Le P. Mathieu est frappé d’une attaque d’hémiplégie en 1971, en plein concert. Après sa convalescence, les travaux de direction de la chorale se sont partagés entre René Tarabo, Marc Demeulenaere, Tino Fargialla et le P. Mathieu lui-même, quand sa santé le lui permettait. C’est ainsi que la chorale a maintenu ses activités et ses concerts jusqu’en 1975. C’est d’ailleurs le 13 avril 1975, de triste mémoire, qu’avait lieu une journée chorale de répétition, en vue d’un concert 75 qui n’a jamais été donné!
Comme dans tous les secteurs, les choses ont alors commencé à s’effriter. Durant l’accalmie de 1977, les chorales A Cœur Joie et Arabesque ont fusionné pour donner un concert commun sous la direction du P. Mathieu et de Paul-René Safa.
A partir de ce moment, la chorale a fonctionné de façon sporadique, au gré de la situation. Son local du Stade du Chayla étant devenu impraticable, les répétitions étaient accueillies tantôt chez l’un ou l’autre des choristes, tantôt, quand les effectifs étaient moins clairsemés, à l’école des Sœurs de Besançon de Baabdat, au collège de la Sagesse d’Achrafieh, à l’église Saint Maron, à l’ALBA et à l’USJ. René Tarabo et Marc Demeulenaere avaient émigré et, après le départ définitif du P. Mathieu en 1982, la chorale continua ses activités sous la baguette de Tino Fargialla.
Malgré les difficultés, ces années ont tout de même été ponctuées de nombreuses manifestations: concerts pour des rassemblements scouts, concerts de Noël, animation de messes, etc. Le seul véritable concert annuel  fut donné en 1983, à la Salle Montaigne du Centre Culturel Français.

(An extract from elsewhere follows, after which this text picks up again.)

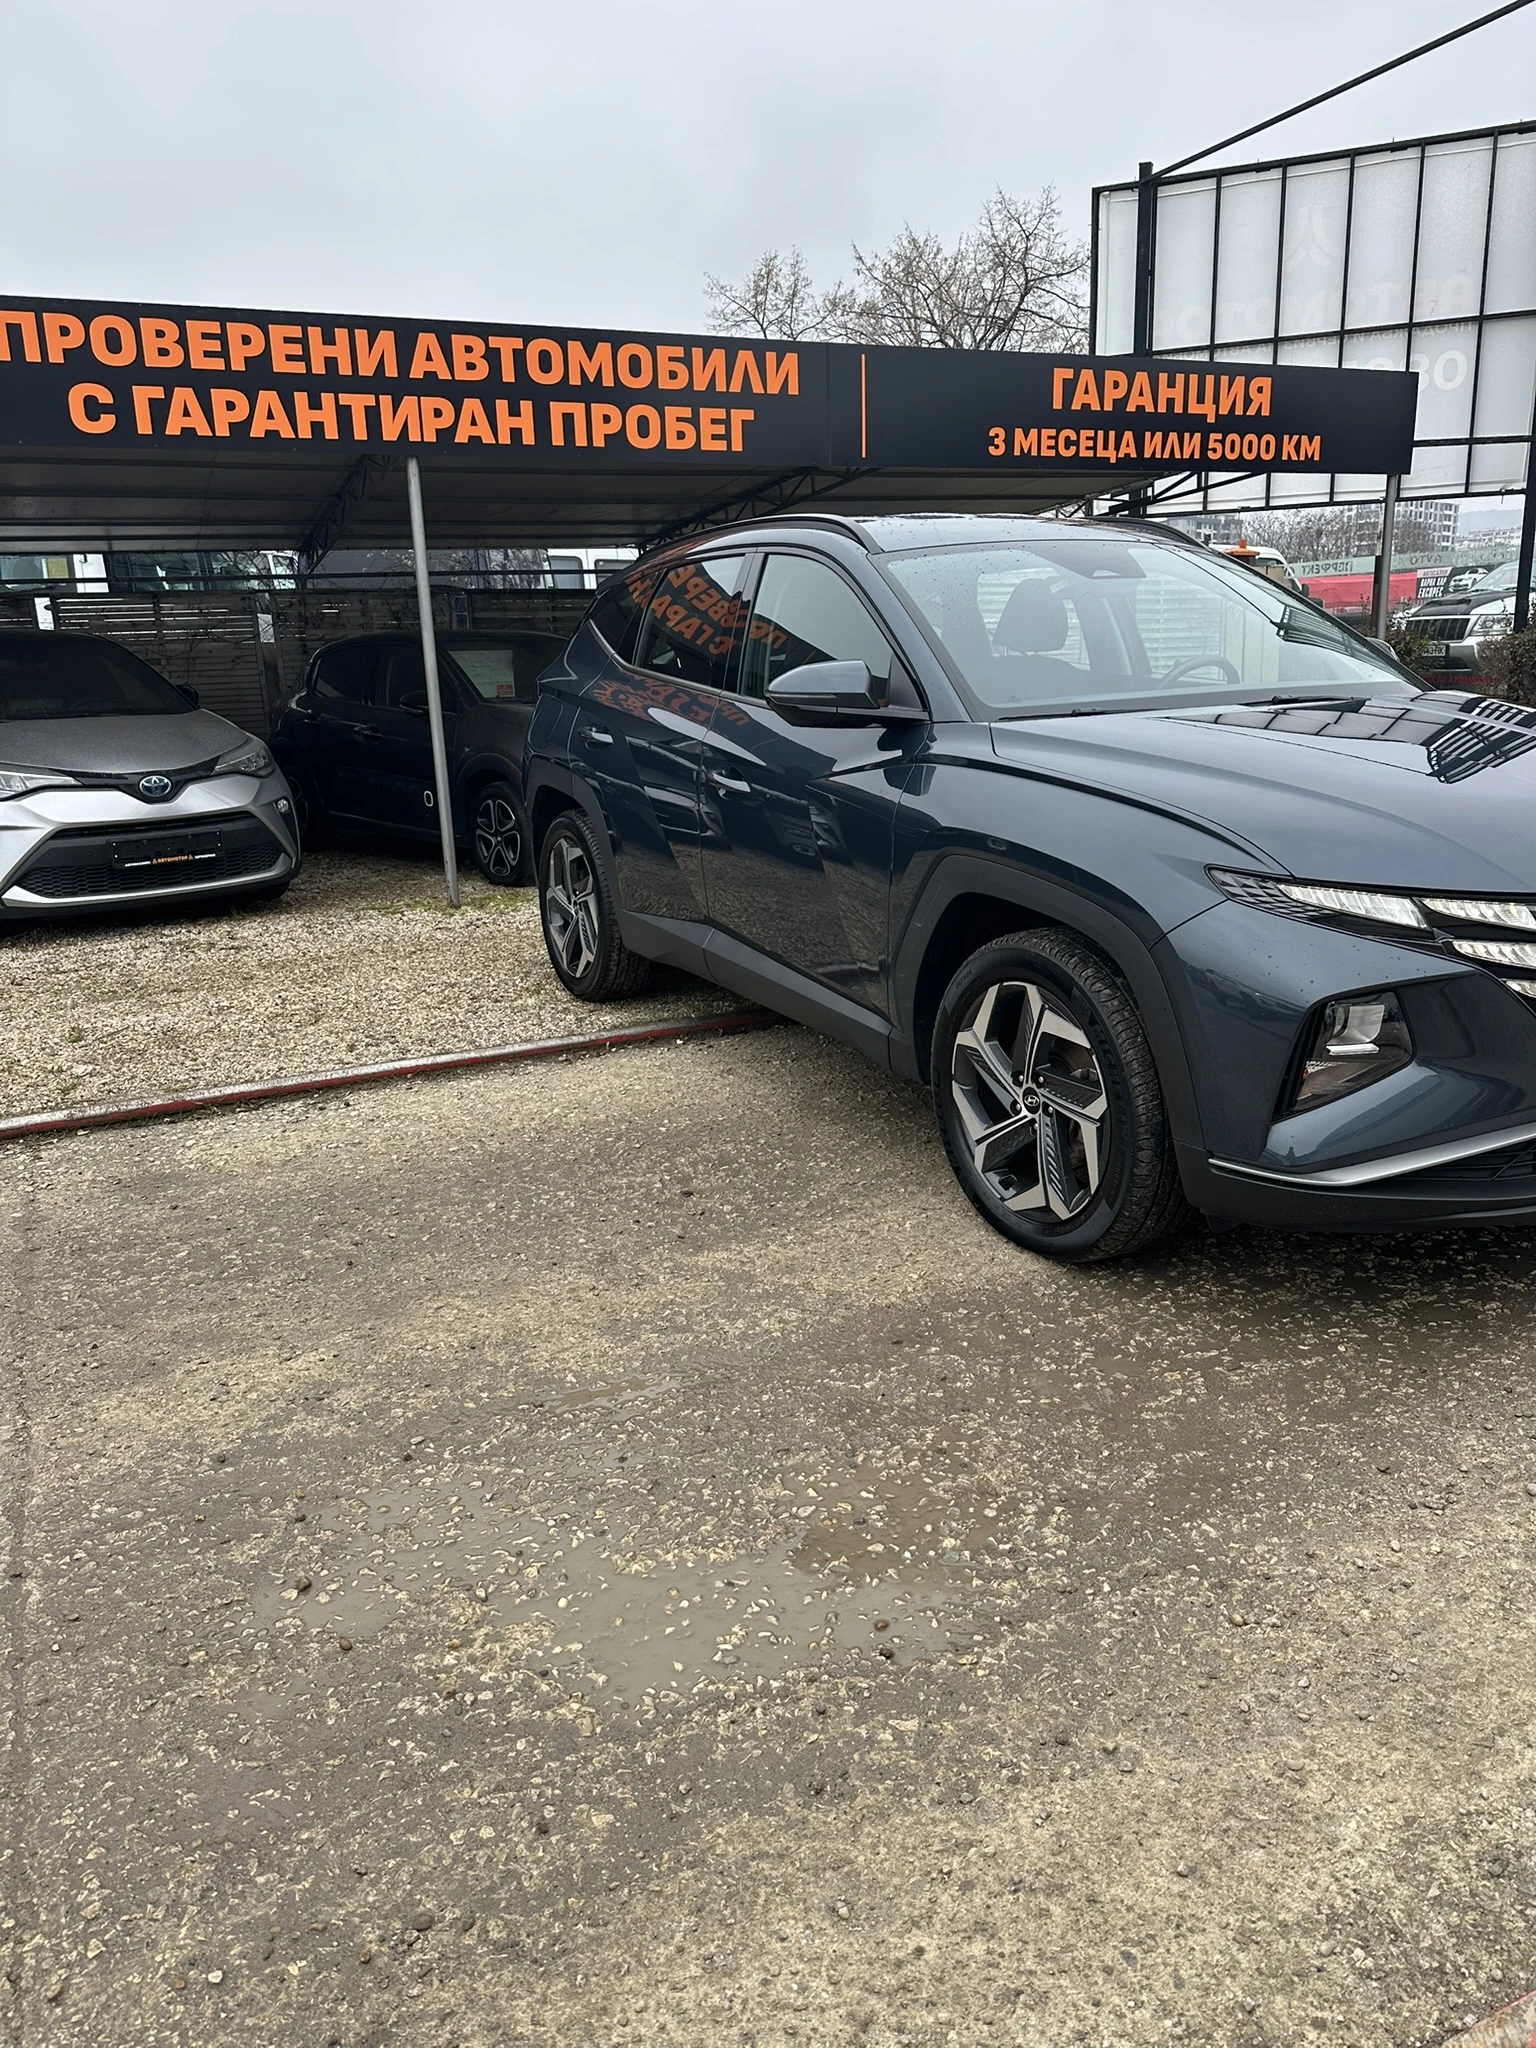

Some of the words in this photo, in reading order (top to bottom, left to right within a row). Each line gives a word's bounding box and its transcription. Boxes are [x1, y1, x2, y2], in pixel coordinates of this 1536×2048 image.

Après la guerre, les choses se stabilisent enfin. Les effectifs s’étoffent et la chorale A Cœur Joie peut à nouveau, au fil des ans, consolider sa structure, organiser ses activités et affirmer son répertoire. Celui-ci, essentiellement a capella, est vaste et couvre différentes époques et genres, de la Renaissance à nos jours. Les harmonisations du père Mathieu sont souvent au programme à côté d’œuvres de Janequin, Palestrina, Poulenc ou Debussy, mais aussi de compositeurs libanais tels que Boghos Gélalian et Tufic Succar.

Fin 1999, Tino Fargialla prend une retraite momentanée. C’est donc sous la direction de Paul-René Safa que la chorale prépare et donne le concert de juin 2000.
A la répétition qui suivit ce concert, Paul-René Safa rend son tablier, au sens propre du terme, en offrant à Tino un tablier jaune!  Tino Fargialla reprend donc les rênes de la Chorale.

Paul-René a aussi assuré la direction en 2003 (concert de janvier 2004), à cause de la maladie de Tino, puis à partir de mars 2009.